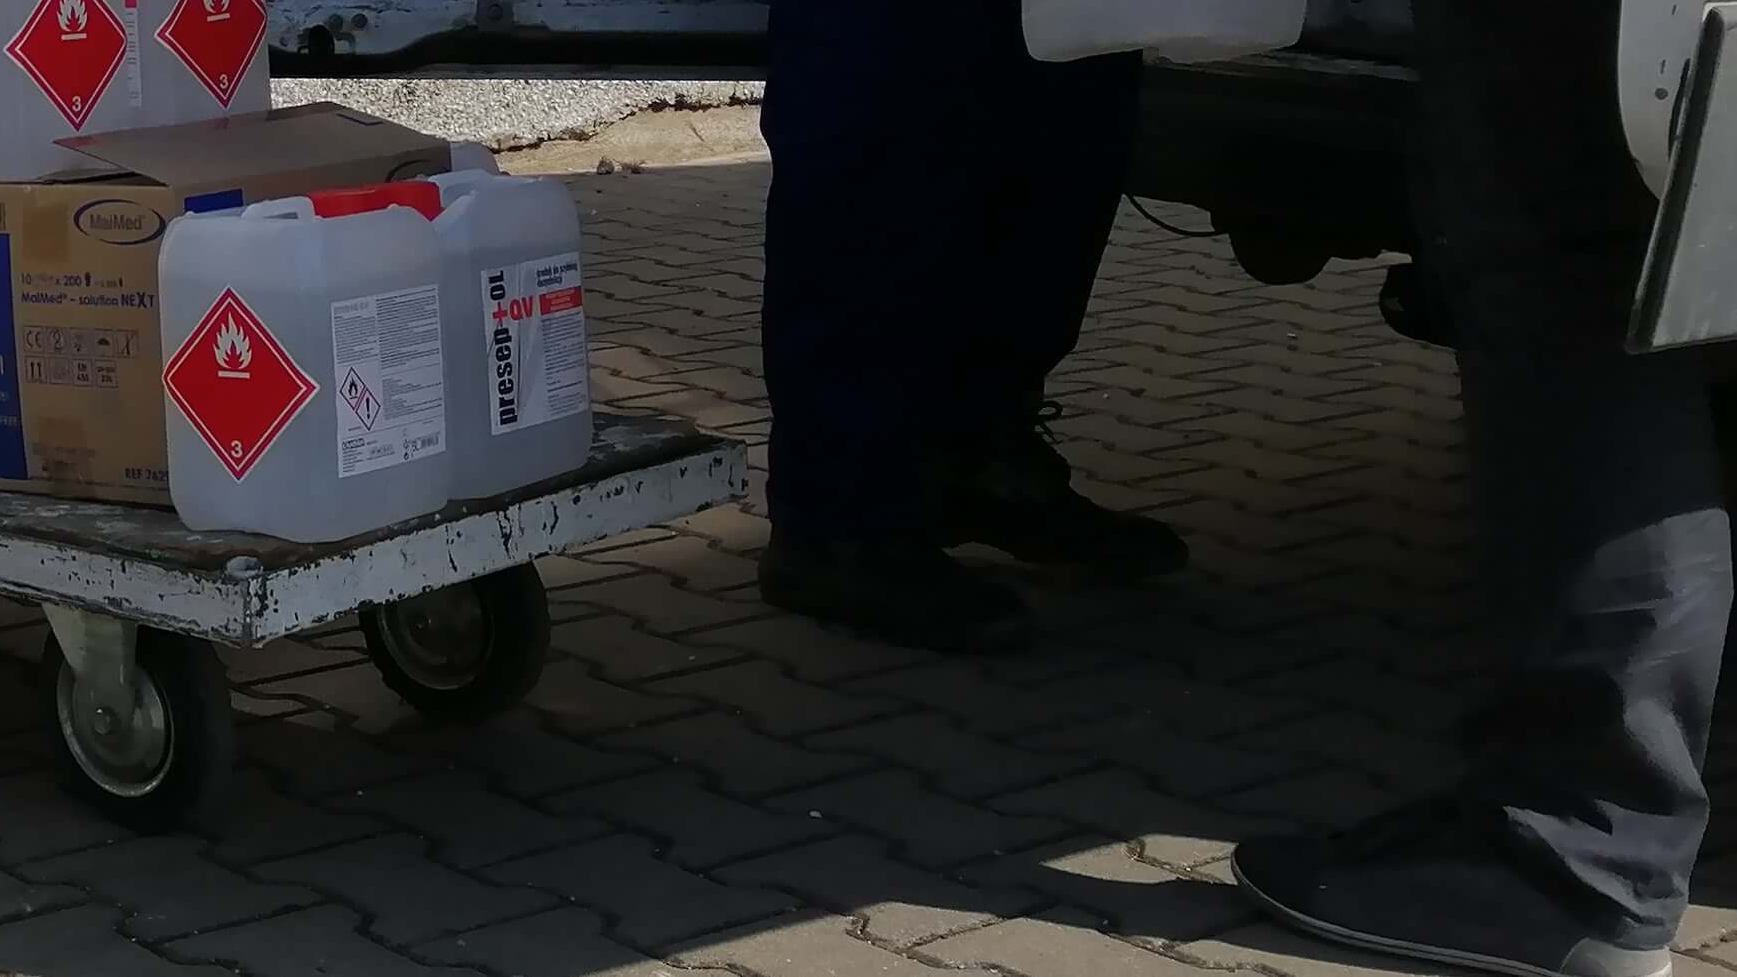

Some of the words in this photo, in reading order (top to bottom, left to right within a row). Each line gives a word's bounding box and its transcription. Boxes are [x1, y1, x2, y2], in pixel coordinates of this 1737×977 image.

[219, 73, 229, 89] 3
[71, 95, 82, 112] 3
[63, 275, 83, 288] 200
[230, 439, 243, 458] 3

────

Work item →
Repeat every line above exactly, but omit all images.

Written answer →
Some of the words in this photo, in reading order (top to bottom, left to right within a row). Each line gives a word's bounding box and its transcription. Boxes are [x1, y1, x2, y2], in pixel coordinates of this 1737×977 image.

[219, 73, 229, 89] 3
[71, 95, 82, 112] 3
[63, 275, 83, 288] 200
[230, 439, 243, 458] 3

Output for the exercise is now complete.